NEGOCIADOR DE FRENTE
Quando a diretoria ou área de Desenvolvimento Humano sugere que o consultor exerça sua influência para convencer ou negociar em nome dos mesmos junto ao gestor ou equipe da área cliente.
Exemplo de fala: “O gestor daquela área não está cumprindo algumas diretrizes, é importante levar esses resultados para ele e definir ações. Achamos (RH) que ele não entendeu muito bem a proposta. Contamos contigo para isso”.
PSEUDO ESTRATÉGICO
É a repetição do discurso “estratégico” da organização com muita linguagem de negócios, mas muitas vezes não existe um olhar e um pensar consciente sobre se as “ações estratégicas” são realmente importantes ou não, e quais seus impactos nas pessoas, no negócio. Desconexão entre o pensar, sentir e agir.
Exemplo de fala: “Vamos lá, a meta da pesquisa de engajamento é de 80% de satisfação, está escrito no planejamento estratégico! ”
CONSELHEIRO
Também conhecido como “oráculo da fonte”. É aquele que sabe as respostas, que direciona ações e tem sempre uma solução na manga.
Exemplo de fala: “Que bom que você chegou (cliente falando ao consultor), agora você vai me dizer o que eu devo fazer”.
Todos esses convites e armadilhas são úteis e valiosos para o processo de tomada de consciência do consultor como facilitador e impulsionador de mudanças organizacionais. Eles são potenciais bloqueios que servem como sinalizadores do caminho a ser percorrido.
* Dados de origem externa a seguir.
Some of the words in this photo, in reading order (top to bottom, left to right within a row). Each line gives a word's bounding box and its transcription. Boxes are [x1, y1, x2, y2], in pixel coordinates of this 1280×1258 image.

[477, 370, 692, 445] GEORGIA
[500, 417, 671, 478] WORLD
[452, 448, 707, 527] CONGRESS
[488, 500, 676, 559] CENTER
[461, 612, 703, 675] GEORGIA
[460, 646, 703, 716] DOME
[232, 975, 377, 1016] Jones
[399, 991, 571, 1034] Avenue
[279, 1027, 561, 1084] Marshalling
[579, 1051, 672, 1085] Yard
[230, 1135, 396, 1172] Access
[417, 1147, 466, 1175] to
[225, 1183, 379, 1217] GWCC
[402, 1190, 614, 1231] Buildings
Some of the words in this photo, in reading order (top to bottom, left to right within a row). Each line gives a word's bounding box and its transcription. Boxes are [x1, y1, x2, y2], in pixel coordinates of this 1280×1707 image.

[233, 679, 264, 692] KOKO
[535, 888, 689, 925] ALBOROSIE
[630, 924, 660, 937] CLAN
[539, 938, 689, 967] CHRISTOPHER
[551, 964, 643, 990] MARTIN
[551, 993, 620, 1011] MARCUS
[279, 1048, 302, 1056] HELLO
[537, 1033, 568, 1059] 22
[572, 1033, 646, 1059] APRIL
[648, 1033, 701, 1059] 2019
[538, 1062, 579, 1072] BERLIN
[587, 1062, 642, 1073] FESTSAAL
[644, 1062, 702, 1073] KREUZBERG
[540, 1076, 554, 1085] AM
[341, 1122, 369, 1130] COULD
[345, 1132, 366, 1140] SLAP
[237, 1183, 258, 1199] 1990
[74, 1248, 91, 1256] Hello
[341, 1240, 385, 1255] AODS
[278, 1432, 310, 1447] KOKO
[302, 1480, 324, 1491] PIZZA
Contudo, para que o consultor faça uso deles de forma produtiva e consciente, é necessário, em muitos casos, que as ações sejam modeladas e rumos diferentes das expectativas iniciais dos envolvidos na organização sejam tomados.
O essencial é vivido na presença, as objetividades, no passado - Martin Buber
Isso é desafiador, uma vez que requer sair da zona de conforto, da zona da certeza, das respostas ‘certas’ e dos caminhos conhecidos. Requer reconsiderar, reavaliar o pensamento e as práticas. Requer sentir o que acontece a cada momento na relação com o cliente, expandindo isso para interconexões no contexto organizacional. Requer o uso da experimentação consciente e genuína como alternativa a solução.